Like a lot of Chinese martial arts pictures, Shadow feels as if it’s set both in an actual world and also an imaginary, mythic place. Scenes feel too purposeful to be in actual places. A military commander hides out in something like a cave with the yin/yang mandala on the floor. He looks disheveled and out of whack, and on that symbol, he practices fighting with a younger man who’s his shadow – meaning a person who stands in for the commander and fools everyone in the film except the commander’s wife, who takes the shadow as her lover.

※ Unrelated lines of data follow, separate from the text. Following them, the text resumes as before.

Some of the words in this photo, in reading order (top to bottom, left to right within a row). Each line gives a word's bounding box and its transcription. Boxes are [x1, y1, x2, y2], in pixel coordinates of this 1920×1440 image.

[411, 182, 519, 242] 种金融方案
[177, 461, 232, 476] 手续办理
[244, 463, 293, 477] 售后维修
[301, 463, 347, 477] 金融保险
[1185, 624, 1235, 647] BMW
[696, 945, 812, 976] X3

In a way, director Zhang Yimou is out of step with his times, and certainly with younger Chinese filmmakers. He’s working with symbolic mythic material while recent directors focus on the grubbiness of actual Chinese society – underpaid workers and petty gangsters. The shadow struggles to prepare for a one-on-one combat with the leader of Jing, so the wife/lover tells him he must learn feminine moves. She has him wrap himself around her so they can meld, and he can understand the feminine side of himself.

Shadow takes on the balancing of opposites. The yin/yang symbol is about opposites, as are male and female, and the shadow and the commander. The kingdom of Pei is wet – it rains constantly – but the kingdom of Jing is characterized by fire.

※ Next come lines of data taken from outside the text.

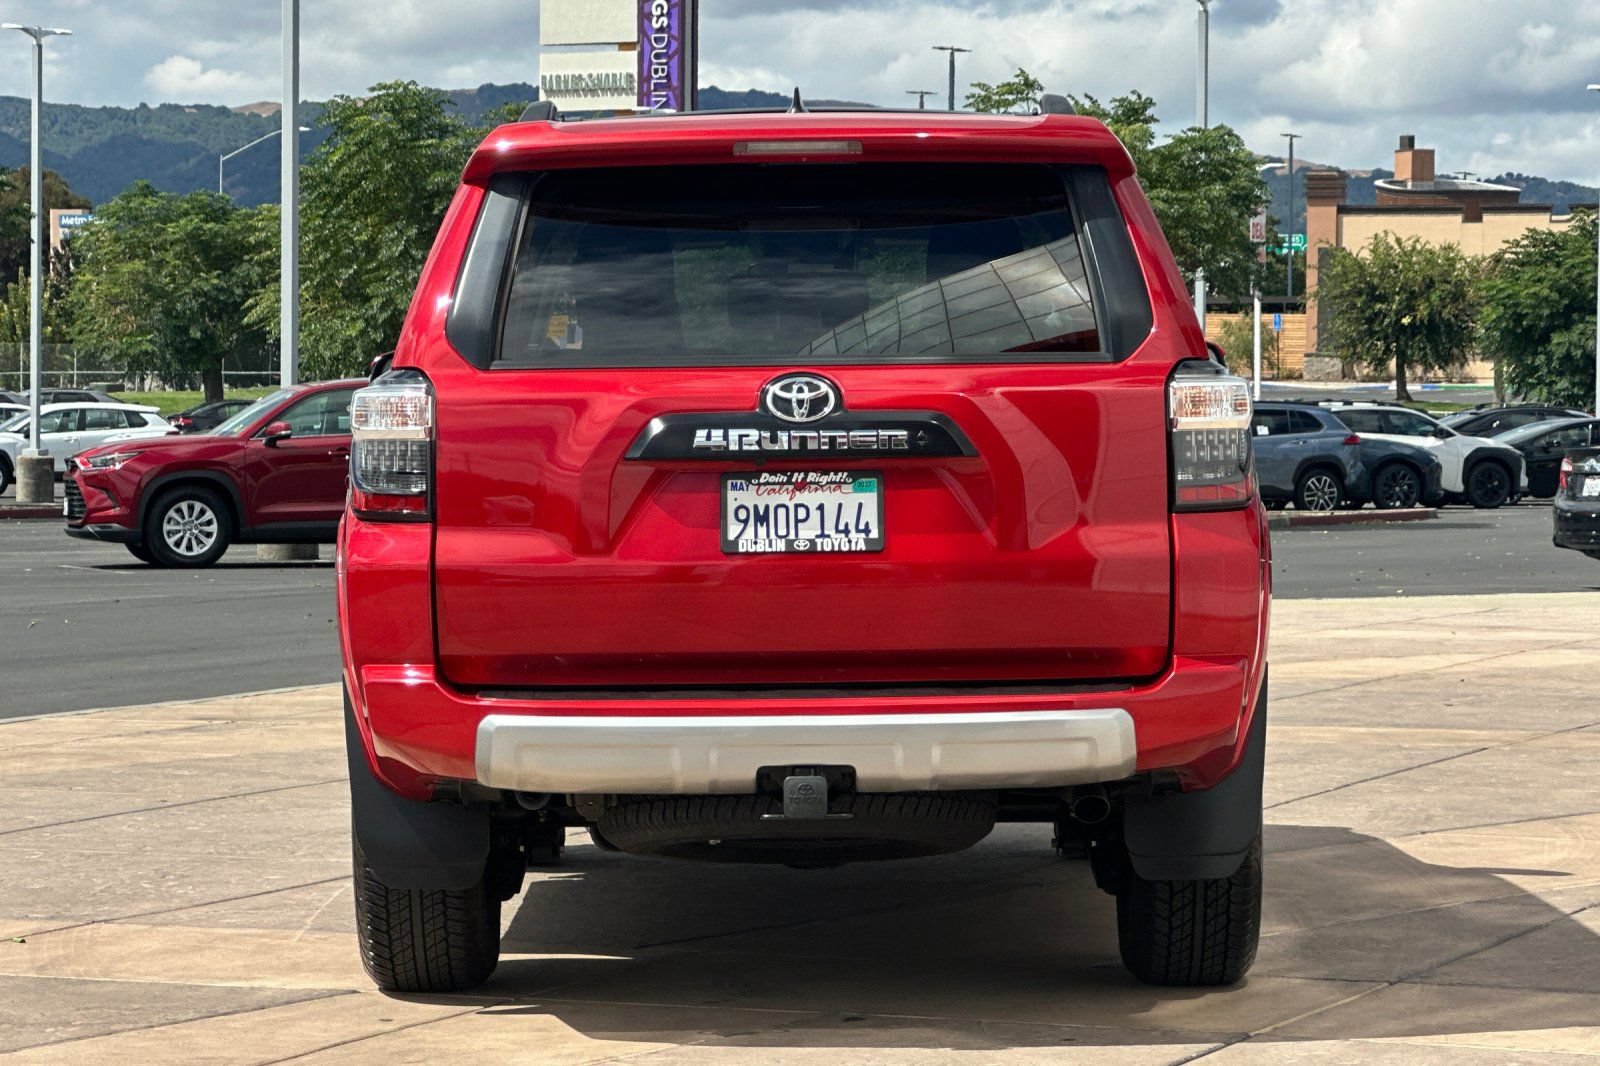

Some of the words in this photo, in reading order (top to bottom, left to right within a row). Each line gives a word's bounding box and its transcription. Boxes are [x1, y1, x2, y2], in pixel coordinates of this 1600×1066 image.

[541, 73, 583, 90] BARNES
[585, 72, 597, 90] &
[597, 72, 636, 90] NOBLE
[760, 472, 790, 483] Doin'
[792, 472, 805, 483] It
[807, 472, 847, 486] Right!
[730, 481, 750, 492] MAY
[734, 502, 871, 539] 9MOP144
[738, 539, 786, 552] DUBLIN
[815, 538, 866, 552] TOYOTA

Zhang Yimou is not the kind of filmmaker to make all of this look like a normal day in a normal world. The movie is a choreography. Chinese martial arts films have a dance-like atmosphere, but Zhang Yimou takes Shadow into unusual areas. It’s a gorier film than many. It’s typical to see large scale conflicts with many characters knocked out of the fray, but they’re not necessarily dead. Shadow shows them dying in agony and then dead, and the movie is bloody. By the end, as one character after another is stabbed to death, I thought about the end of Hamlet, where the floor is littered with bodies.

But Hamlet finds a new stability. Shadow is finally about continual political and personal instability and uncertainty. The killing solves nothing; the end of the movie leaves those characters still alive with no place to be. The name of the game seems to be betrayal, and there’s no one to trust, no figure of accommodation or compromise. Both literally and metaphorically, the color is gone from this world, and the red of the blood offers no hope.

Howie Movshovitz came to Colorado in 1966 as a VISTA Volunteer and never wanted to leave. After three years in VISTA, he went to graduate school at CU-Boulder and got a PhD in English, focusing on the literature of the Middle Ages. In the middle of that process, though (and he still loves that literature) he got sidetracked into movies, made three shorts, started writing film criticism and wound up teaching film at the University of Colorado-Denver. He continues to teach in UCD’s College of Arts & Media.